Beneath the market’s turbulence, one bright spot emerged: a long-awaited dip in inflation. In March, the Consumer Price Index (CPI) fell 0.1%—its first monthly decline since 20202. Gasoline prices dropped 6.3% in March, contributing significantly to the overall CPI decline1. However, grocery prices rose 0.5% from February, with notable increases in eggs (+5.9% month-over-month)1. Annual inflation slowed to 2.4%, down from 2.8% in February1. Still, experts caution that newly announced tariffs could push prices higher in the months ahead.

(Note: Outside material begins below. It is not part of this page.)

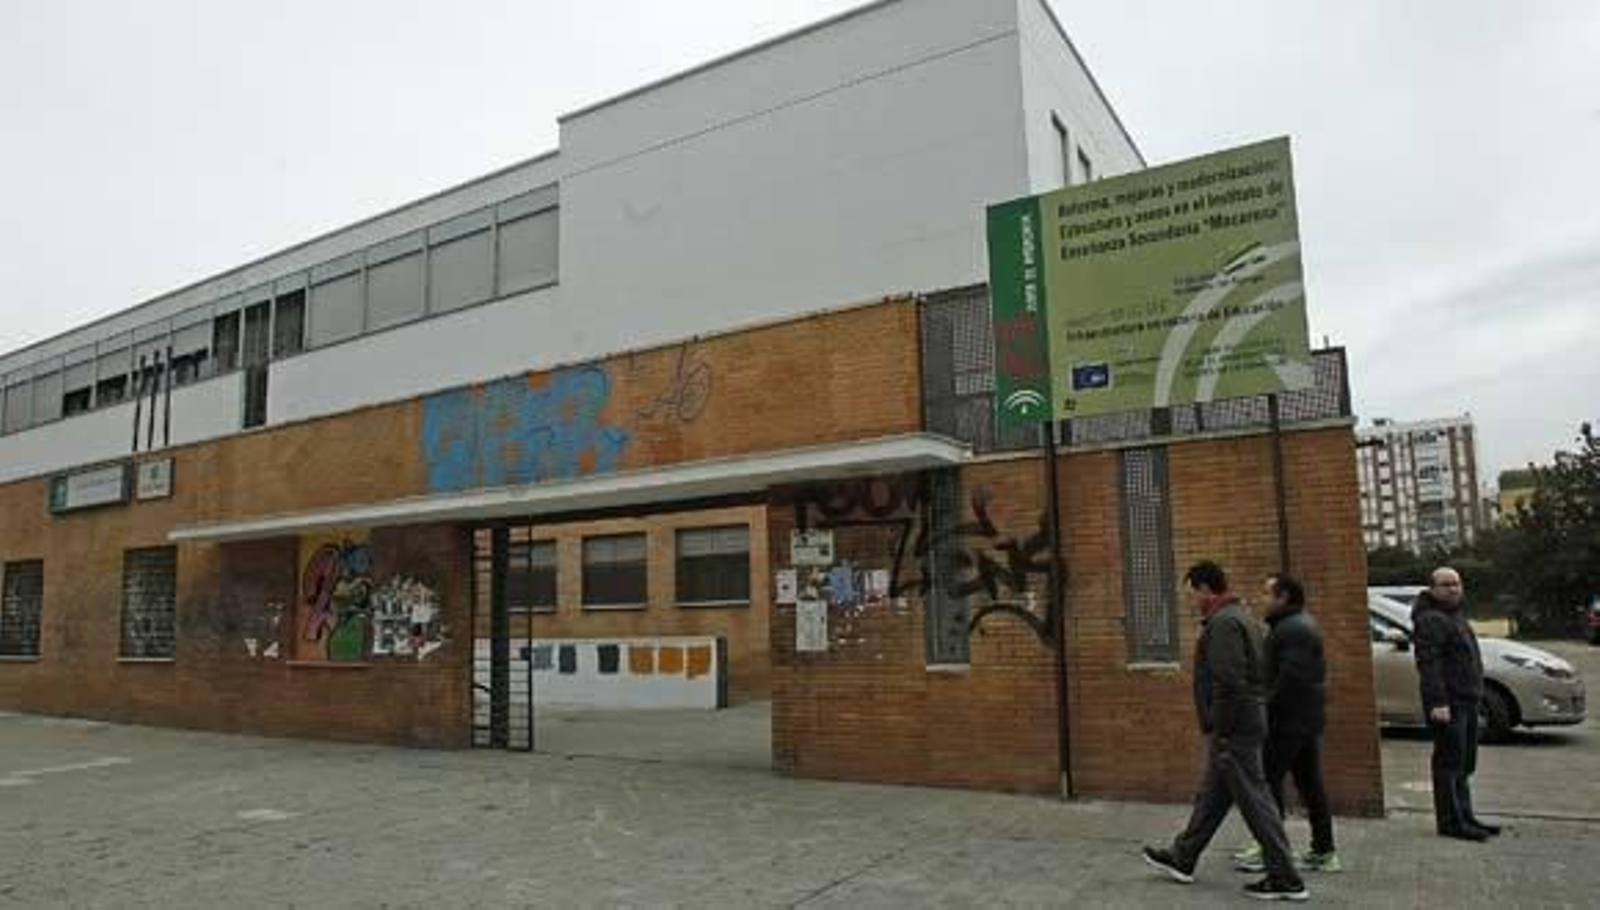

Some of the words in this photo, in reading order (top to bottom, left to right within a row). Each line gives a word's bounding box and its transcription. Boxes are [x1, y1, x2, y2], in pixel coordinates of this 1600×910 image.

Against this backdrop of inflation anxiety, consumer sentiment took a sharp hit in April. The University of Michigan’s consumer sentiment index dropped to 50.8—down from 57.0 in March and the lowest reading since mid-20222. The decline was broad-based, with all demographics reporting weaker views on business conditions, personal finances, income prospects, and the job market3. Short-term inflation expectations jumped to 6.7%, the highest since 1981, while five-year expectations climbed to 4.4%2. Concern about rising unemployment also grew, reaching levels not seen since 20092—fueling fears that cracks are forming in the labor market and recession risks are mounting.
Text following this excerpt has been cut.